Greetings from the land of shoes, showers, and soft comfortable beds! Yes folks I am back in the land of the living having survived my second visit to Jungle Camp - this time with 109 'young' people.

I had the shock of my life at the airport as I stood, clipboard in hand, ready to welcome the 'kids' when a hoard of 6ft-odd strapping men and women came rocking through the arrivals hall. There wasn't a Spiderman lunchbox among them!! The girls all looked like they could be my mates and half the guys could get me into a lot of trouble!!!! It seems the 'youth' that I am here to develop have already done a fair bit of developing before they got here! Compared to the local kids that arrived the day before, the Europeans look like they've been on hormone acceleration tablets - it's frightening.

Thankfully the two groups bonded pretty much straight away, on our first night the Malaysian participants gave a lovely demonstration of bamboo dancing and we introduced them to the Hokey Cokey in return - culturally classy I'm sure you'll agree.

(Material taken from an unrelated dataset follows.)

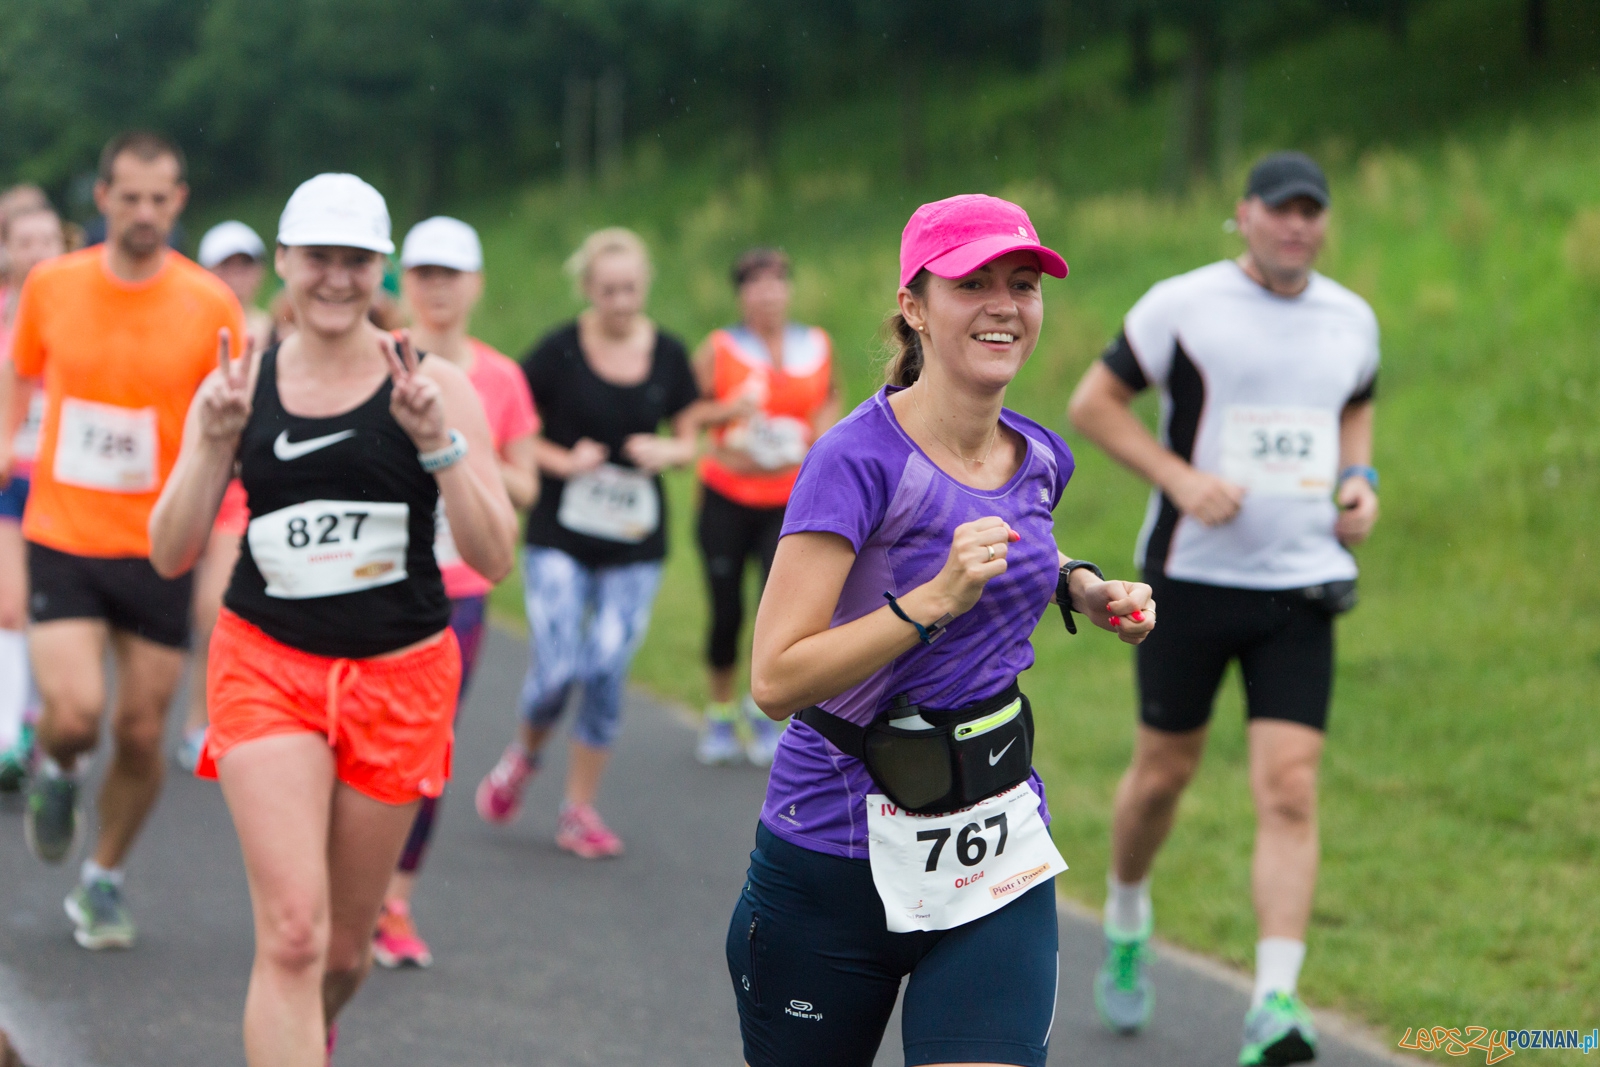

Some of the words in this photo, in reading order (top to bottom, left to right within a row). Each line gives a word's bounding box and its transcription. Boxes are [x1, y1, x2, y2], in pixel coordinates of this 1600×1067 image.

I then had my first group exercise the next day so I decided to play an icebreaker to get to know everyone. It was kind of a take on the 'Freak or Unique' game where people have to reveal a unique fact or party trick. I managed to get one of the girls to turn her eyelids inside out, one guy admitted to being in the Guinness Book of Records (as one member of the largest gathering of adults dressed as apes) and one girl was the great, great, great, great (and possibly a few more greats) grand-daughter of Mr Crapper himself (inventor of the flushable toilet for anyone who missed that particular history lesson) . For my part I admitted to having three butt cheeks (followers of my travelling antics over the years will remember the unfortunate incident involving a bottle of gin, a snowboard and flight of stairs in New Zealand that left me with ripped gluteals in my nether regions!!). All of this was going remarkably well among my fellow Europeans who were finding it highly amusing but there was a slight satellite delay for the poor Malaysians who had to rely on a rather bemused and slightly disgusted translator. The look on their faces when she'd finished explaining my bottom tale was priceless - I thought perhaps it had lost something in translation but thinking about it she probably got it spot on.

Lots more to tell but the thought of a proper shower and a good nights sleep (on a bed that doesn't point downhill and involve white knuckle holding on to stay in) is far too appealing. so I'll sign off. I'll update again tomorrow and stick some more piccies on (I'm the greasy one with the fuzzy hair!)